Notes on Divisibility and Parity (Problems 1–5)
Problem 1: 9x^2 + 6x + 3 is divisible by 3
- Statement: The expression is divisible by 3 for all integers x.
- Factorization approach:
9x^2 + 6x + 3 = 3(3x^2 + 2x + 1)
- Since the entire expression is 3 times another integer-valued polynomial, it is a multiple of 3 for all integer x.
- Modular check (alternative):
9x^2 \equiv 0 \pmod{3}, \\ 6x \equiv 0 \pmod{3}, \\ 3 \equiv 0 \pmod{3}
so 9x^2 + 6x + 3 \equiv 0 \pmod{3}. - General principle: If all coefficients share a common factor d, then the polynomial value at any integer x is divisible by d (as seen with 3 here).
- Quick verification example: If x = 2, the value is 9(4) + 6(2) + 3 = 36 + 12 + 3 = 51, and 51 is divisible by 3.

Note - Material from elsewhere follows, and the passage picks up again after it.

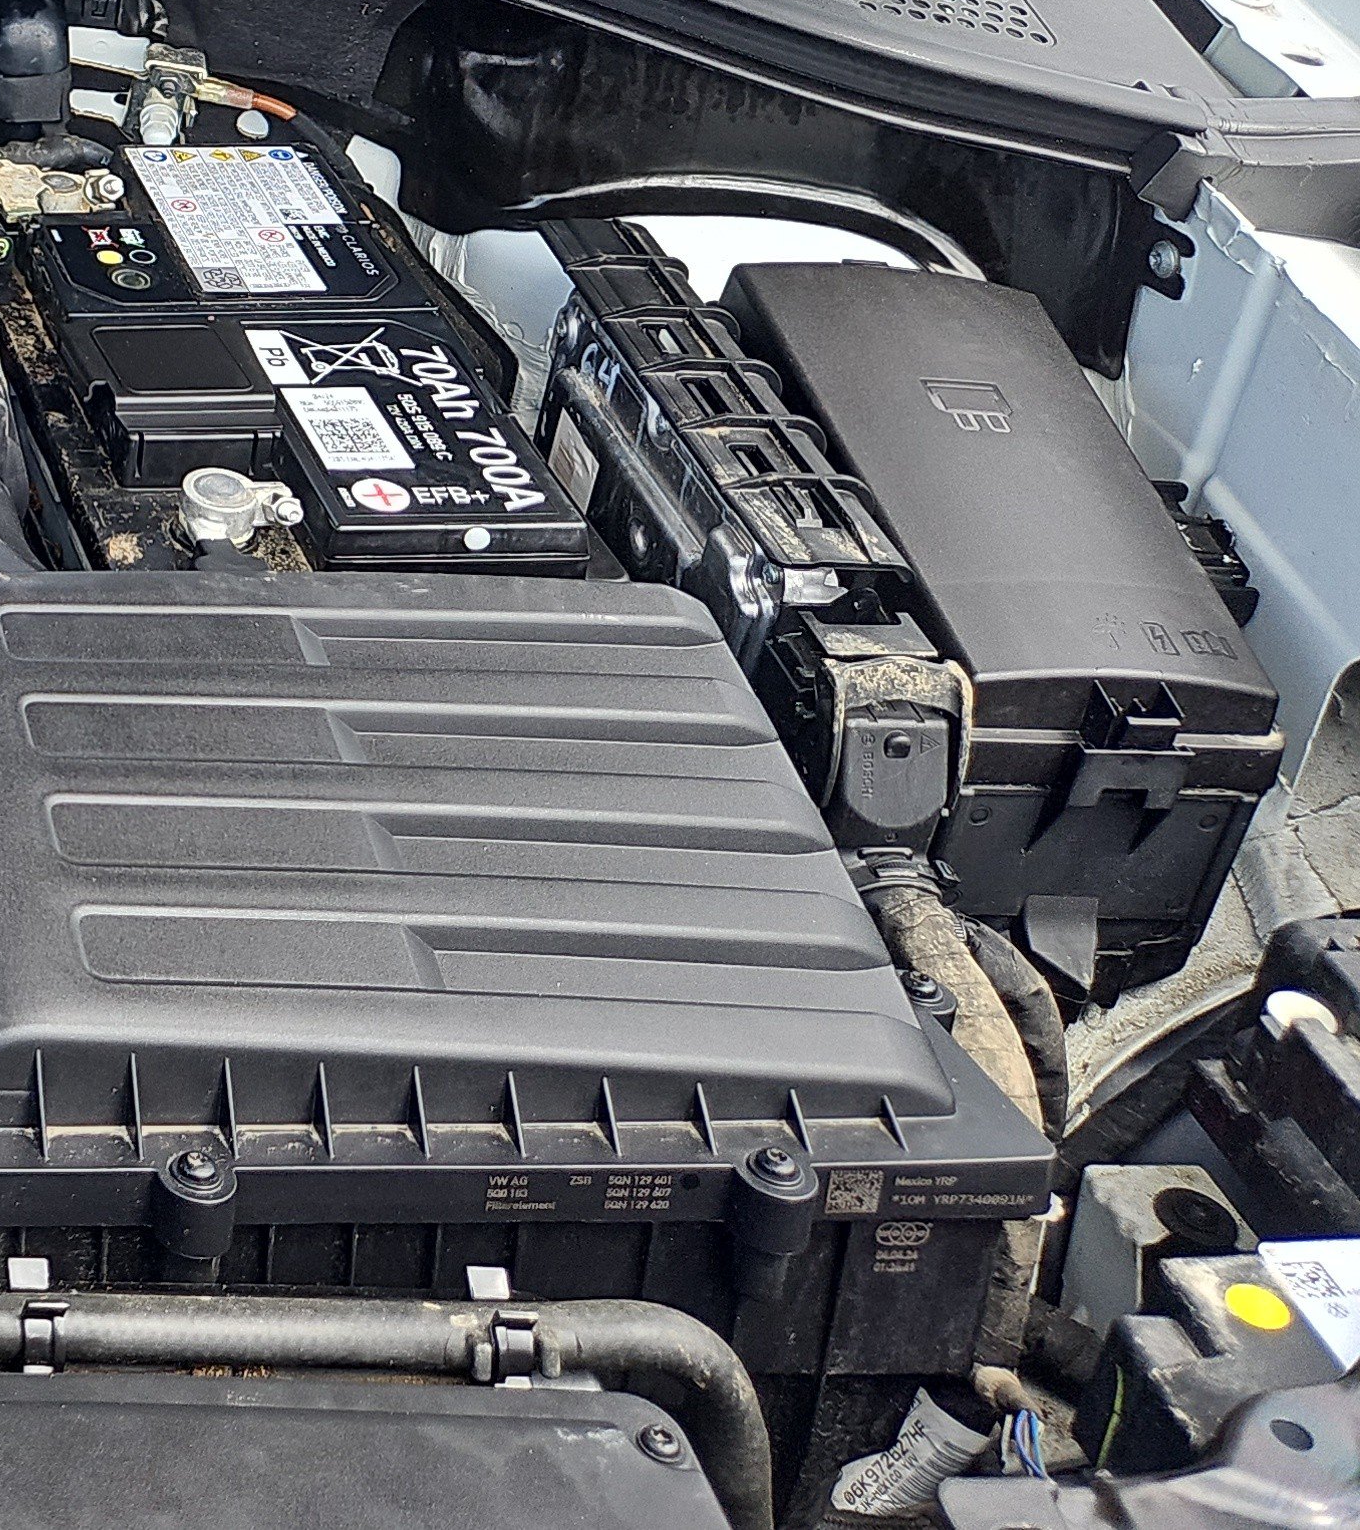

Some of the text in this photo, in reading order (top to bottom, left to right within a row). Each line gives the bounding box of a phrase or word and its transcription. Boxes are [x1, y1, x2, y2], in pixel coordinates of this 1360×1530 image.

- Connection to foundational ideas:
- Common factor extraction
- Divisibility by a fixed integer regardless of x
- Use of modular arithmetic as a quick check
Problem 2: 8x^2y + 4xy^2 is an even integer
- Expression factoring:
8x^2y + 4xy^2 = 4xy(2x + y) - Conclusion: The expression has a factor of 4, i.e., it is divisible by 4 for all integers x, y. Therefore it is always even (and in fact always a multiple of 4).
- Why this guarantees evenness:
- If a number is a multiple of 4, it is certainly divisible by 2.
- Example: x = 1, y = 1 gives 8(1)^2(1) + 4(1)(1)^2 = 8 + 4 = 12, which is even.
- Notes:
- Even stronger: the expression is a multiple of 4 for all integer x, y.
- The garbled transcript snippets (e.g., "-72 (anything)" or "@2 (4 xy ) + 2(xy ³)") can be ignored in favor of the clear factorization above.
Problem 3: (4x + 1)^2 is an odd integer
- Key parity fact: 4x is even, so 4x + 1 is odd for any integer x.
- Therefore, the square of an odd number is odd:
(4x + 1)^2 ext{ is odd for all integers } x. - Expansion check:
(4x + 1)^2 = 16x^2 + 8x + 1
- The first two terms, 16x^2 and 8x, are even; adding 1 yields an odd number.
- Examples:
- If x = 0: (4(0) + 1)^2 = 1 (odd)
- If x = 1: (4(1) + 1)^2 = 25 (odd)
- Additional perspective:
- Modular property: (4x + 1)^2 \equiv 1 \pmod{2}
- More broadly, any odd number squared remains odd.
Problem 4: 16x^2 - 24x + 8 is a multiple of 8
- Factorization:
16x^2 - 24x + 8 = 8(2x^2 - 3x + 1) - Since 8 is a factor, the entire expression is a multiple of 8 for all integers x.
- Optional factoring:
2x^2 - 3x + 1 = (2x - 1)(x - 1)
- So another compact form is:
16x^2 - 24x + 8 = 8(2x - 1)(x - 1).
- Example: x = 3 → 16(9) - 72 + 8 = 144 - 72 + 8 = 80, which is divisible by 8.
- Connection to earlier problems:
- Demonstrates how factoring out a common multiple ensures divisibility by that multiple.
Problem 5: (Expression not provided in transcript)
- Note: The transcript includes a statement that this is a multiple of 8 but does not provide the actual expression.
- Guidance for verification if the expression is known:
- If the expression can be factored as a multiple of 8, i.e., 8k with k an integer-valued expression, then it is divisible by 8.
- Alternatively, check modulo 8 directly, or factor out an 8 if possible.
- Action item: Please provide the exact fifth expression to complete the note for Problem 5.
Cross-cutting concepts and principles
- Divisibility by a fixed integer via factoring:
- If an expression can be written as d times another integer-valued expression, it is divisible by d for all integers x.
- Parity (even/odd) reasoning:
- A number is even if divisible by 2; odd if not.
- Squares preserve parity: even^2 is even; odd^2 is odd.
- If a linear expression is of the form 4x + 1, it is always odd because 4x is even.
- Factoring strategies:
- Factor common factors across terms to reveal divisibility (e.g., 3, 4, 8).
- Factor quadratics to expose products that include the divisor (e.g., 8(2x - 1)(x - 1)).
- Modular arithmetic quick checks:
- Modulo 3 or modulo 2 checks can confirm divisibility without full expansion.
- Real-world relevance:
- These checks underpin error detection, hashing, and algorithmic simplifications where divisibility properties reduce computation.